TDC’s engaging cast, sharp dialogue, and compelling plot elements work wonderfully under Henry Hathaway’s direction.Critics and audiences agreed that Lucille Ball shines in this early dramatic role of hers, long before I Love Lucy made her a comedy icon. According to both the TCM Web site and the entertaining DVD commentary by film historians Alain Silver and James Ursini, Hathaway was such a tough taskmaster that Ball had a nervous breakdown during the filming. It doesn’t show onscreen in her assured, appealing portrayal of smart, loyal secretary Kathleen Stewart, originally Kathleen Conley in the Good Housekeeping serial (in fact, the DVD’s package copy mistakenly identifies Kathleen’s last name in the film as Conley, not Stewart). Kathleen's falling in love with her P.I. boss, Bradford Galt (no relation to John Galt), and the feeling is mutual.
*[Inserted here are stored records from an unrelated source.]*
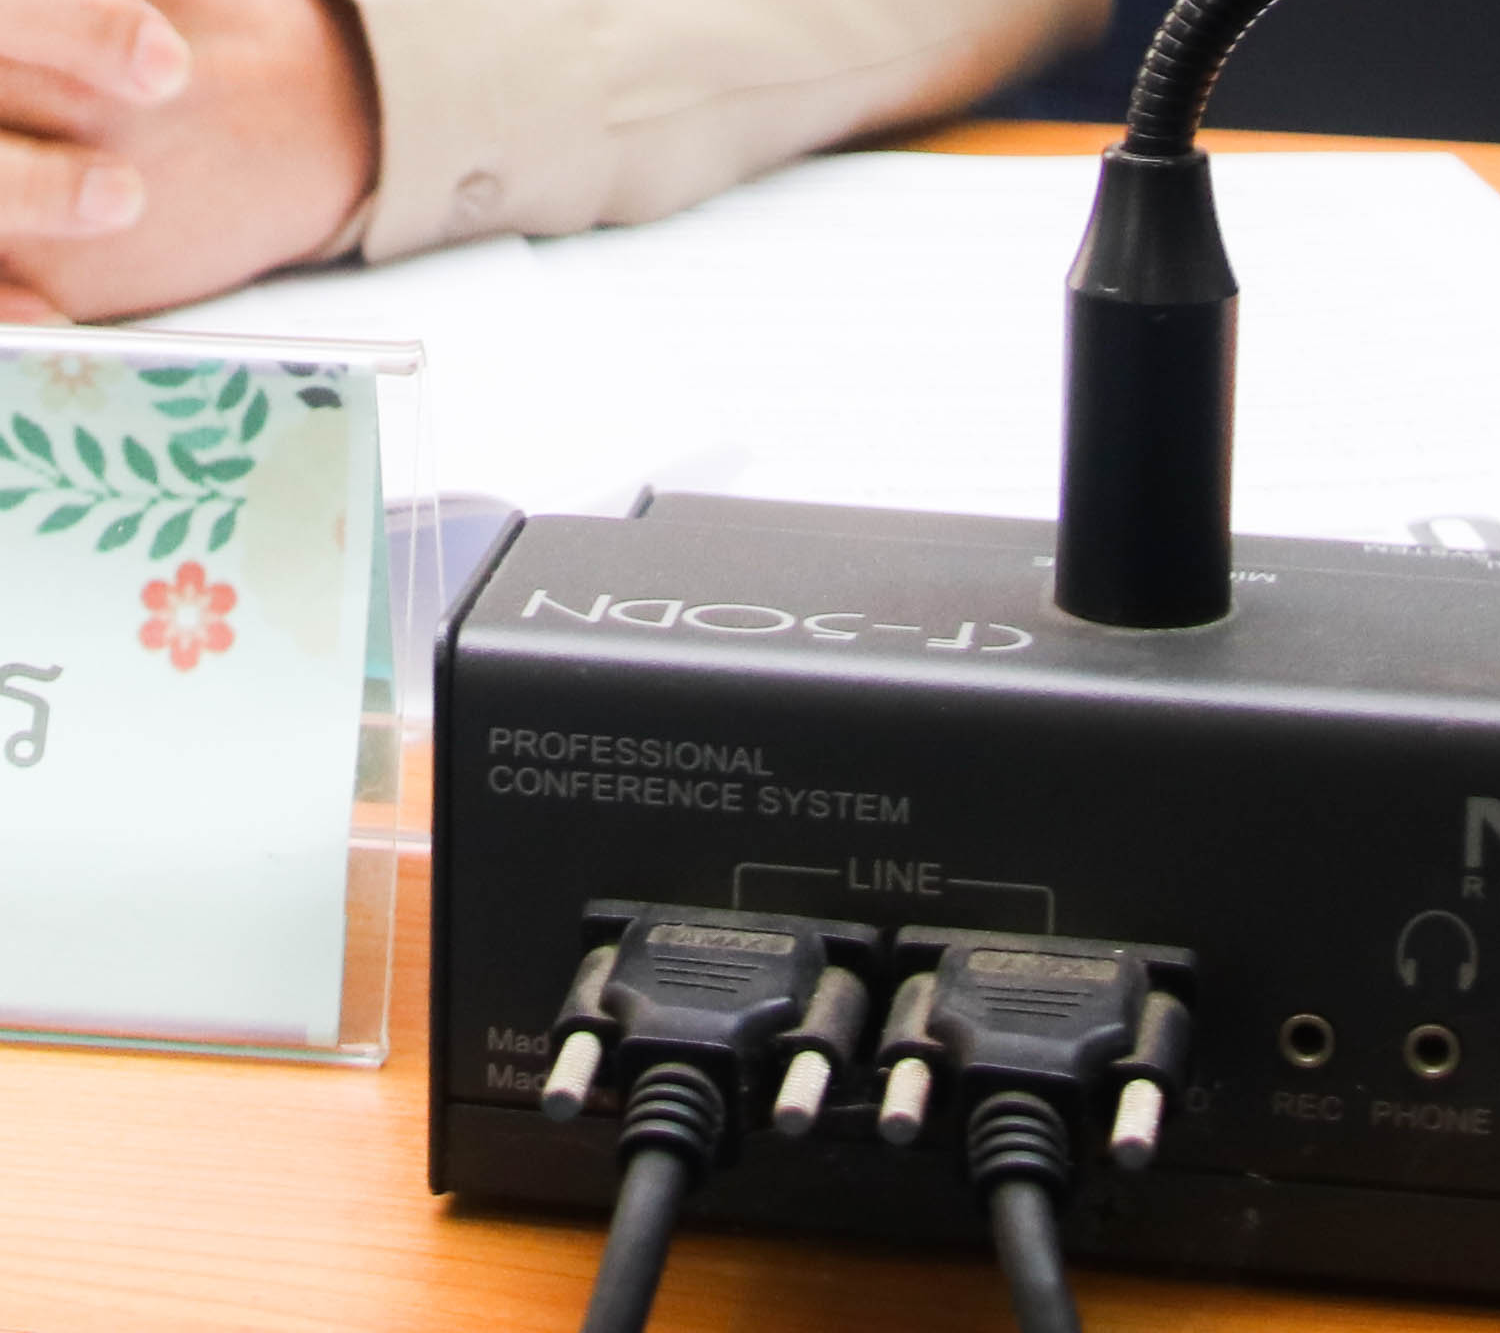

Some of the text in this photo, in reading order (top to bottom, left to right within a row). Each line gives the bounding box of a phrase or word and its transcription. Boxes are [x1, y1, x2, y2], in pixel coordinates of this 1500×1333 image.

[488, 726, 774, 776] PROFESSIONAL
[488, 764, 911, 825] CONFERENCE SYSTEM
[847, 856, 945, 896] LINE
[486, 1025, 551, 1055] Mad
[1271, 1091, 1345, 1122] REC
[1370, 1099, 1494, 1135] PHONE
As Brad, Mark Stevens makes a fine Dick Powell-like transition from musicals to tough-guy parts. Brad’s starting out fresh in New York City after being framed for manslaughter and nearly killed in California by his corrupt ex-partner, lawyer Tony Jardine. As a favor to his Cali colleagues, local cop Lt. Reeves is keeping tabs on Galt to make sure the “impulsive youth” stays out of trouble. In the role of Reeves, fans of the March of Time newsreels will recognize Reed Hadley’s commanding speaking voice; he’s got great screen presence and a formidable air of authority. Nevertheless, it seems Brad’s past is coming back to haunt him. When Brad catches a big lug (Bendix) on his tail wearing a white suit (who does he think he is, Roy Scheider in Last Embrace?), he’s shocked when the guy claims Tony Jardine hired him. The plot thickens as vulnerable but determined Brad sets out to see if Tony’s aiming to finish what he started out west.
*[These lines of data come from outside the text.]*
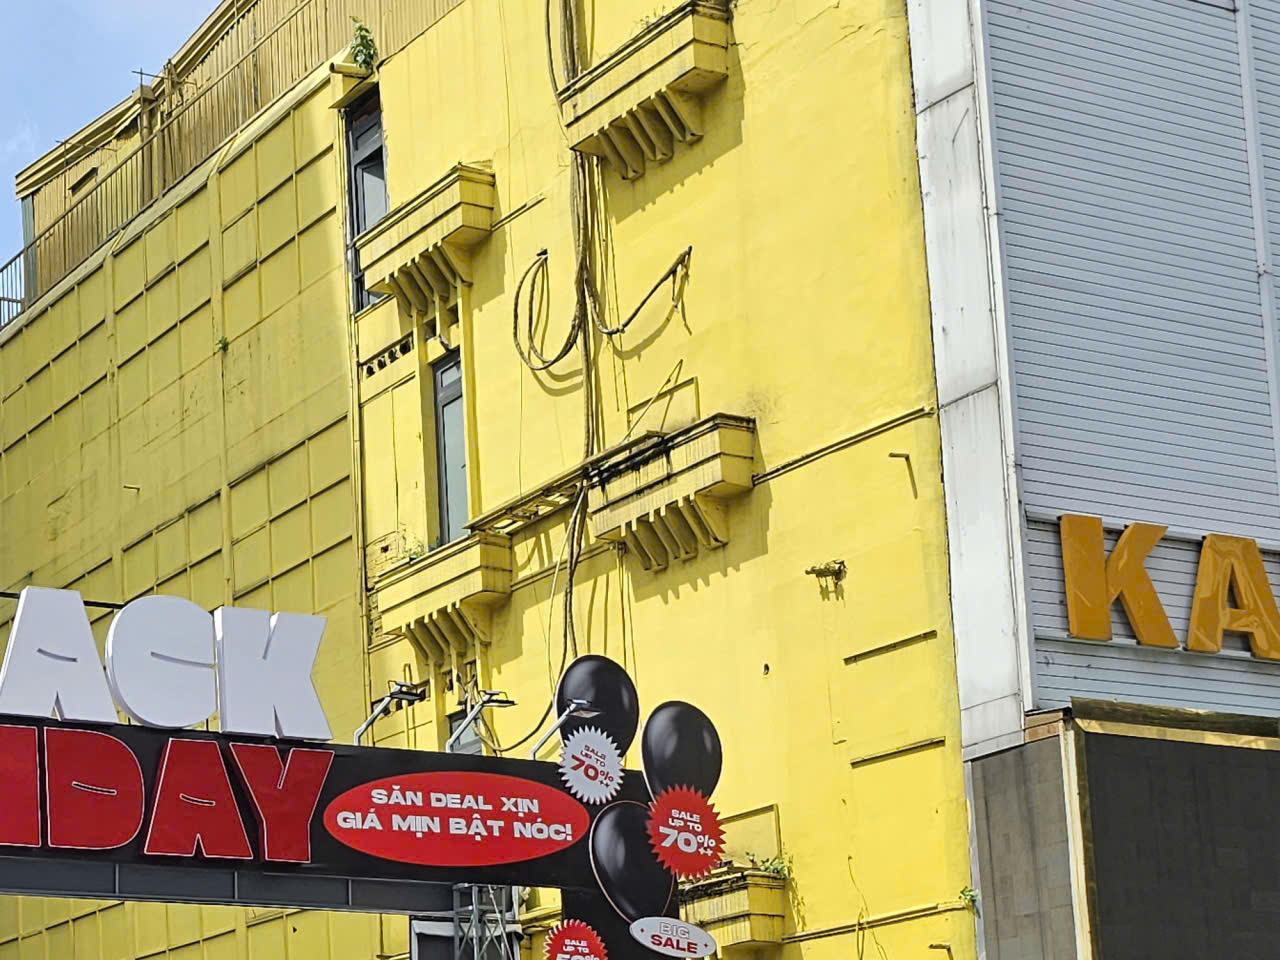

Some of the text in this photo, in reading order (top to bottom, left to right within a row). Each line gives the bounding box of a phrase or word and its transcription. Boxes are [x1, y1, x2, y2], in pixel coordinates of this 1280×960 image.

[1060, 514, 1280, 660] KA
[580, 751, 606, 768] UP TO
[584, 744, 607, 761] SALE
[371, 785, 539, 817] SĂN DEAL XỊN
[336, 807, 573, 841] GIÁ MỊN BẬT NÓC!
[671, 809, 701, 823] SALE
[668, 818, 703, 832] UP TO
[658, 921, 690, 939] BIG
[564, 939, 588, 947] SALE
[650, 934, 698, 954] SALE
"Working conditions are certainly looking up around here." And how!
Meanwhile, on the swankier side of the city, art dealer/collector Hardy Cathcart (Clifton Webb) drums up business for his posh art gallery and celebrates his third wedding anniversary at an elegant party for about a hundred of his closest friends and loved ones, including his beautiful young wife, Mari (Cathy Downs, who played the title role in My Darling Clementine and became the future wife of The Amazing Colossal Man). Hardy jokes that as a couple, Mari and Hardy are “the perfect picture of Beauty and the Beast,” though Mari charmingly disagrees. A close friend of the Cathcarts joins the celebration—none other than Tony Jardine himself (Kurt Kreuger, who excelled at playing smooth-talking Nazis and other shady Continental types), who’s apparently moved his law practice to The Big Apple! But Tony himself is still a bad apple, seducing and blackmailing vulnerable women of means.

"Beauty" Mari & "Beast" Hardy celebrate their 3rd anniversary. Tradition says leather is the gift of choice. Who'd have thought the Cathcarts were into leather?
We also find that Hardy’s burning love for Mari is like his passion for his paintings; he sees her and everything in his lavish home as treasured possessions. “I never want you to grow up,” Hardy coos to Mari as they waltz at the party. “You should remain ageless, like a Madonna, who lives and breathes and smiles, and belongs to me.” How’s that for an unsettling bit of sweet talk? Later, Hardy proudly unveils his newest acquisition, a painting he’s been obsessed with for years: a 19th-century portrait of a woman who bears a striking resemblance to Mari. It’s no coincidence: Hardy admits that when he met Mari after coveting the portrait for so long, “I felt as if I had always known her—and wanted her.” Although Hardy keeps Mari in the lap of luxury, the novelty of this marriage-cum-ownership is wearing off for his restless young wife. She and Hardy even have separate bedrooms (what did she expect with Clifton Webb and the Production Code?). No wonder Mari has the hots for Tony, unaware he’s a blackmailing gigolo. The script and Downs’s portrayal show Mari in a sympathetic light throughout TDC.  At a rendezvous with Tony at his luxe bachelor pad, Mari tells him, “Tony, I tried. I made a bad bargain, and I tried to stick it out with him, but I just keep sitting, listening to his paintings crack with age.” With the conflicting emotions flitting across Tony’s face as Mari gets more insistent that they run away together, we viewers can almost hear him thinking, “What about my career? How will I keep my seduction-and-extortion racket going after she dumps her rich husband to marry me?”  But that’s the least of their problems when these worlds of high society and low crime finally collide, as Hardy uses trickery and White Suit’s strong-arm tactics to fit Brad for a frame and Tony for a pine box.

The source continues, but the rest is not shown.